The Tooting Bec Cup is a trophy currently awarded by the Professional Golfers' Association of Great Britain and Ireland to the association member born in, or with a parent or parents born in, the United Kingdom or Republic of Ireland who returns the lowest single-round score in The Open Championship.

Inaugurated in 1901 the Tooting Bec Challenge Cup was originally a separate competition. From 1910 it was awarded to the winner of a southern section qualifying competition for a major tournament and then since 1924 it has been awarded to the best round in The Open Championship by a British or Irish member of the PGA. It is the PGA's oldest trophy, predating the northern section's Leeds Cup which was first contested in 1902.

History
The Tooting Bec Challenge Cup was originally a 36-hole stroke play tournament organised by the London and Counties Professional Golfers' Association, the forerunner of the Professional Golfers' Association. The tournament was held on 15 October 1901 at the Tooting Bec Golf Club, Furzedown and the cup was donated by the Tooting Bec club. Of the 50 members who entered 46 played. J.H. Taylor won the event and was presented with the cup by the club captain, Norman Bailey. With the formation of the PGA in late 1901, the cup became an event organised by the southern section of the PGA.

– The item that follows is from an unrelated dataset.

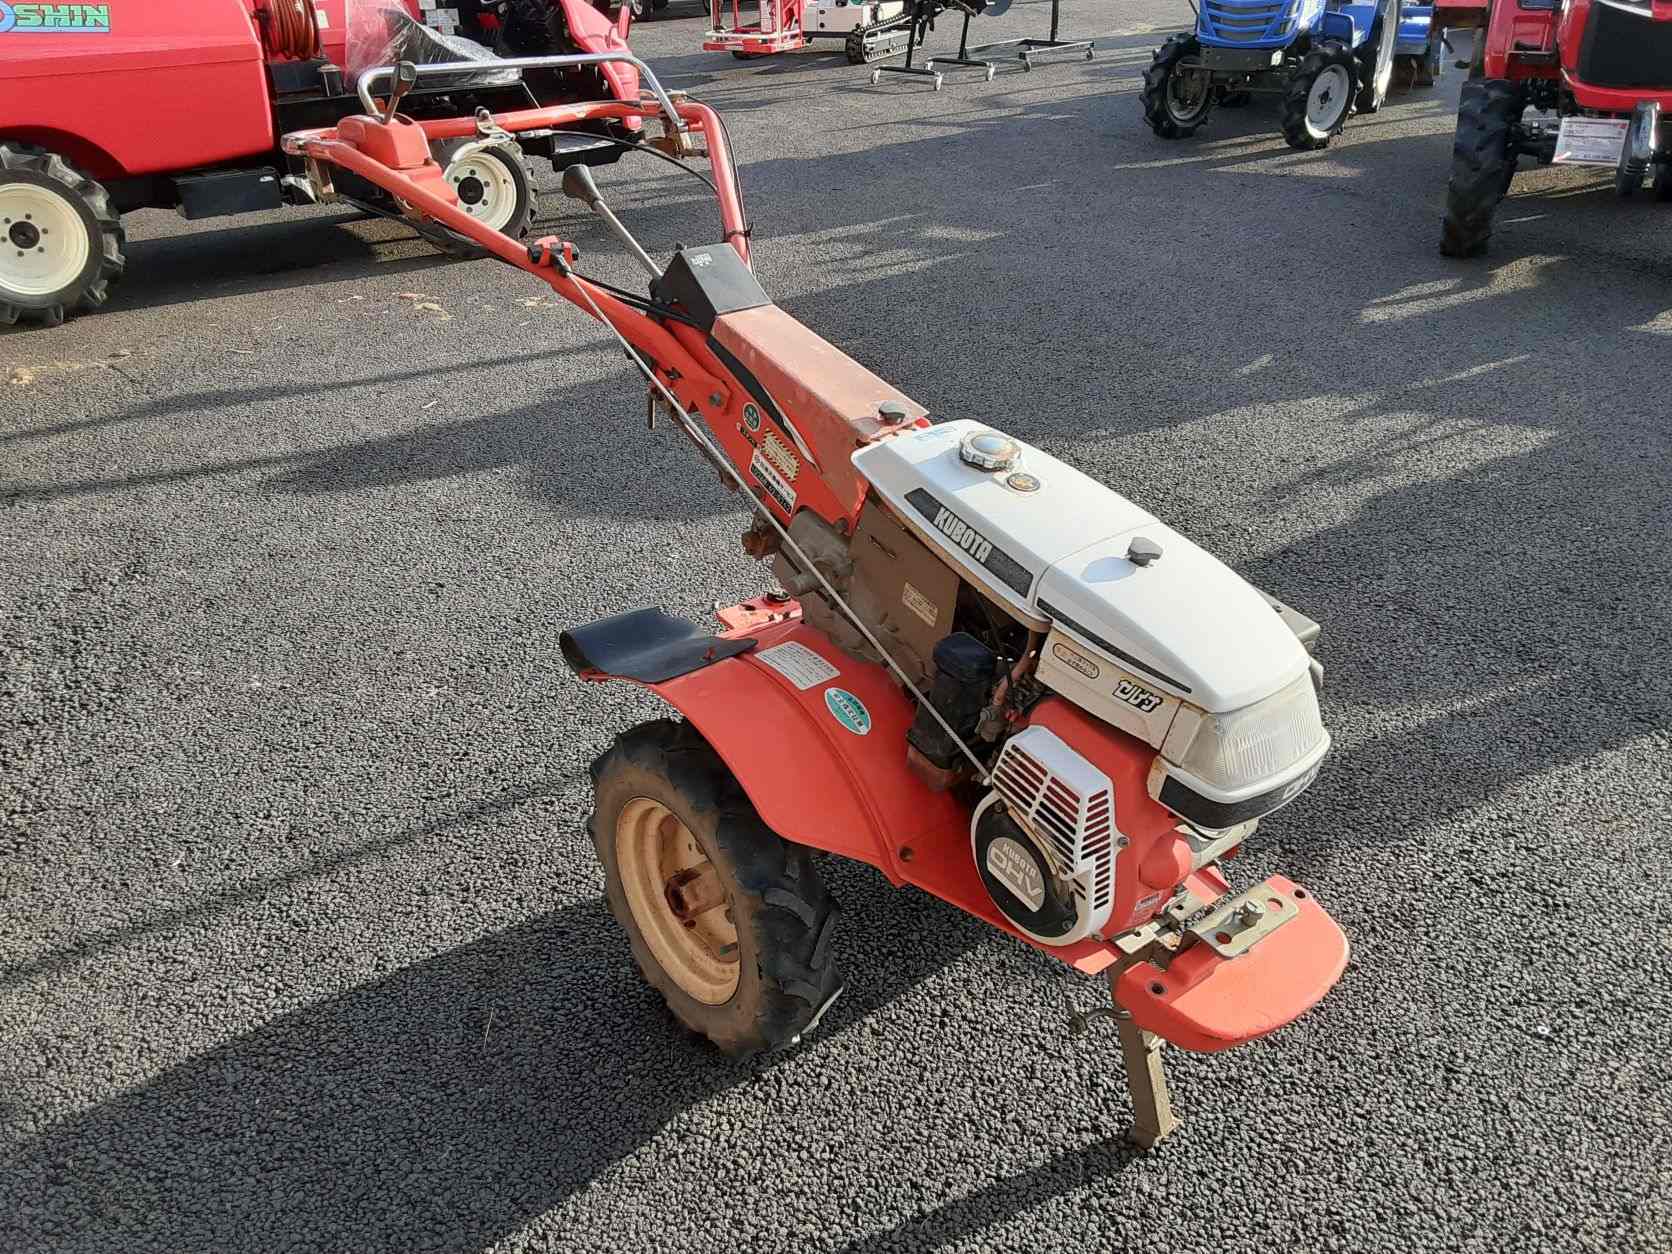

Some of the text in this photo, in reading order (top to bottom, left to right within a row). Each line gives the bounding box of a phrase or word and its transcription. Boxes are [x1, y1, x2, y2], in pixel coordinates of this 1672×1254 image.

[933, 506, 993, 564] KUBOTA
[990, 846, 1042, 896] OHV
[1002, 843, 1037, 877] KUBOTA
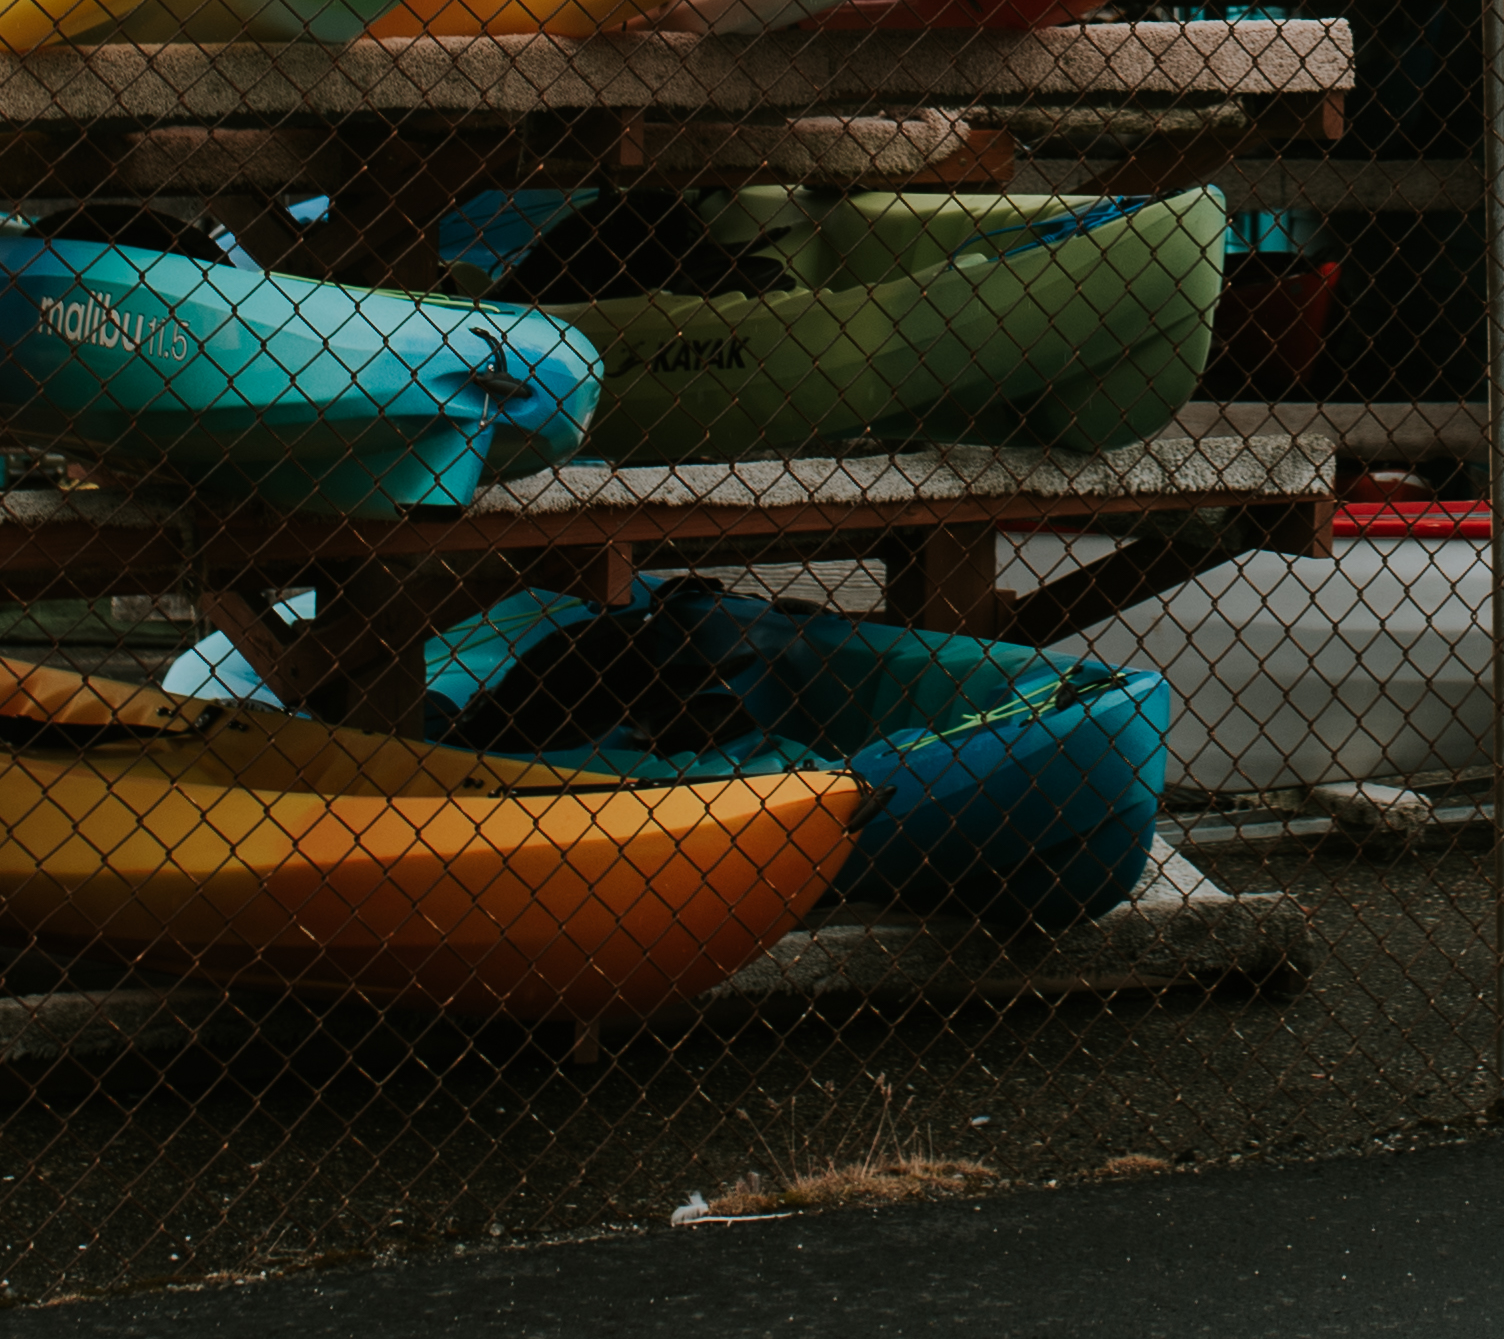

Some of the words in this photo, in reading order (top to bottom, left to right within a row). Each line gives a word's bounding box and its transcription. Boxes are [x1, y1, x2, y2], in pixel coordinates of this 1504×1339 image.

Since 1924, it has not been a standalone tournament, and the trophy has been awarded to the PGA member from the United Kingdom or Republic of Ireland who records the lowest single-round score in the Open. The precise qualification rule has varied. Henry Cotton did not receive it in 1934, despite his rounds of 65 and 67, because at the time the award went "to the member of P.G.A. living in Great Britain who accomplishes the best single round during the championship" and Cotton was then living in Belgium.

Winners

Tournament winners
This table gives details of the tournament winners from 1901 to 1923. From 1910 the cup was awarded to the winner of a qualifying competition for a major tournament.

In 1904 the PGA experimented with handicaps and John McLaren, a new professional, was one of six professionals to receive strokes. Vardon won the playoff, played the same evening, scoring 76 to McLaren's 81−3=78. The 1908 playoff was also played in the evening after the tournament.

The 1910 event was planned for 11 May at Banstead Downs but was cancelled because of the death of Edward VII. The cup was awarded to the winner of the southern section qualifying competition for the News of the World Match Play.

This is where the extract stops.